35.根据前述权利要求中任一项所述的方法，进一步包括使用所述合成核酸来监测所述病原体核酸的变性。

36.根据前述权利要求中任一项所述的方法，进一步包括通过使用加权因子来对所述病原体核酸的相对丰度或初始丰度进行归一化。

37.根据权利要求36所述的方法，其中通过与所述多种合成核酸的第一合成核酸的已知浓度和所述多种合成核酸的第二合成核酸的已知浓度相比较，分析所述第一合成核酸的原始测量值和所述第二合成核酸的原始测量值，来获得所述加权因子。

38.一种用于检测来自病原体的核酸的方法，所述方法包括：

(a)获得包含第一病原体核酸的第一样品，其中所述第一样品从感染所述第一病原体的第一受试者获得；

(b)从第二受试者获得第二样品；

(c)获得第一和第二样品标识物，每个标识物包含不同的合成核酸，所述合成核酸不能与所述第一病原体核酸杂交，并且将所述第一样品标识物分配给所述第一样品并将所述第二样品标识物分配给所述第二样品；

(d)将所述第一样品标识物添加至第一样品中，并将第二样品标识物添加至第二样品中；

(e)对包含所述第一样品标识物的所述第一样品和包含所述第二样品标识物的所述第二样品进行测序分析，从而获得所述第一和第二样品的序列结果；

(f)在第一样品的序列结果中检测所述第一样品标识物、所述第二样品标识物和所述第一病原体核酸是否存在；以及

(g)当所述测序分析在第一样品中检测到：

(i)所述第一样品标识物；

(ii)所述第一病原体核酸；以及

(iii)无第二样品标识物或第二样品标识物低于阈值水平时，确定所检测到的第一病原体核酸最初存在于所述第一样品中。

39.一种检测核酸的方法，所述方法包括：

(a)获得包含第一核酸的第一核酸样品；

(b)获得包含第一阳性对照核酸的第一对照核酸样品；

(c)将第一样品标识物添加至所述第一对照核酸中，所述第一样品标识物包含不能与所述第一核酸杂交的合成核酸；

(d)对所述第一核酸样品和包含所述第一样品标识物的第一对照核酸样品进行测序分析，从而获得所述第一核酸样品和所述对照核酸样品的序列读取。

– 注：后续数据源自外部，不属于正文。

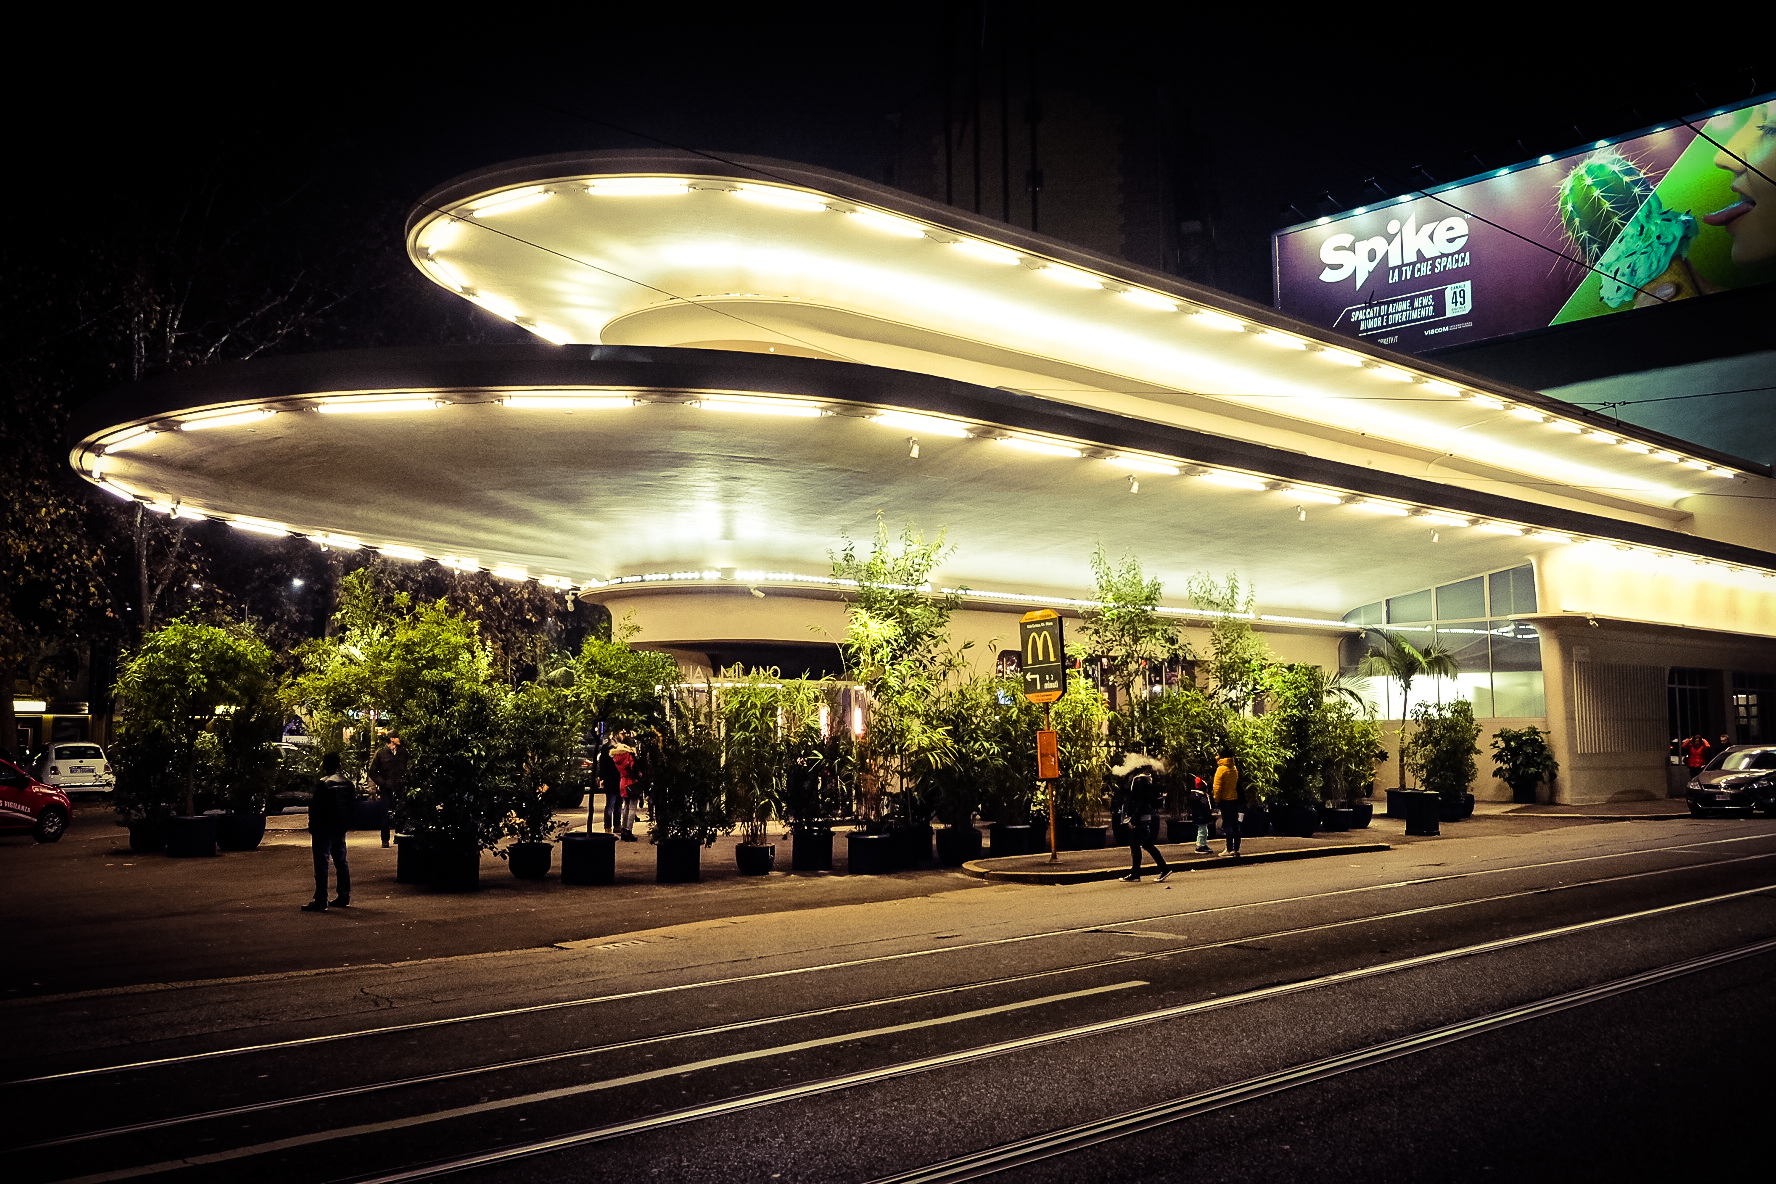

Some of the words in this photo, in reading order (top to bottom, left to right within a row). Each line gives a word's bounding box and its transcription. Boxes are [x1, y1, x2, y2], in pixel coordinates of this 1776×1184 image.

(e)将所述第一核酸样品的序列读取与参考序列进行比对，以检测所述第一核酸样品的序列读取中是否存在第一样品标识物；以及

(f)基于所述序列读取的比对，确定所述第一核酸样品中是否存在所述第一阳性对照核酸。

40.根据前述权利要求中任一项所述的方法，其中所述第一样品标识物的合成核酸的长度小于150个碱基对或核苷酸。

41.根据前述权利要求中任一项所述的方法，其中所述第一阳性对照核酸为病原体核酸。

42.根据前述权利要求中任一项所述的方法，其中所述第一样品标识物包含修饰的核酸。

43.根据前述权利要求中任一项所述的方法，其中所述第一样品标识物包含DNA。

44.根据前述权利要求中任一项所述的方法，其中所述样品包含无细胞体液。

45.根据前述权利要求中任一项所述的方法，其中所述样品来自感染病原体的受试者。

46.一种用于检测样品中的试剂的方法，所述方法包括：

(a)将第一合成核酸添加至所述试剂中，其中所述第一合成核酸包含独特的序列；

(b)将包含所述第一合成核酸的试剂添加至核酸样品中；

(c)为测序分析准备所述核酸样品；

(d)对所述核酸样品进行测序分析，从而获得所述核酸样品的序列结果；以及

(e)基于所述核酸样品的序列结果，通过确定所述样品中是否存在所述第一合成核酸来检测所述样品中的试剂。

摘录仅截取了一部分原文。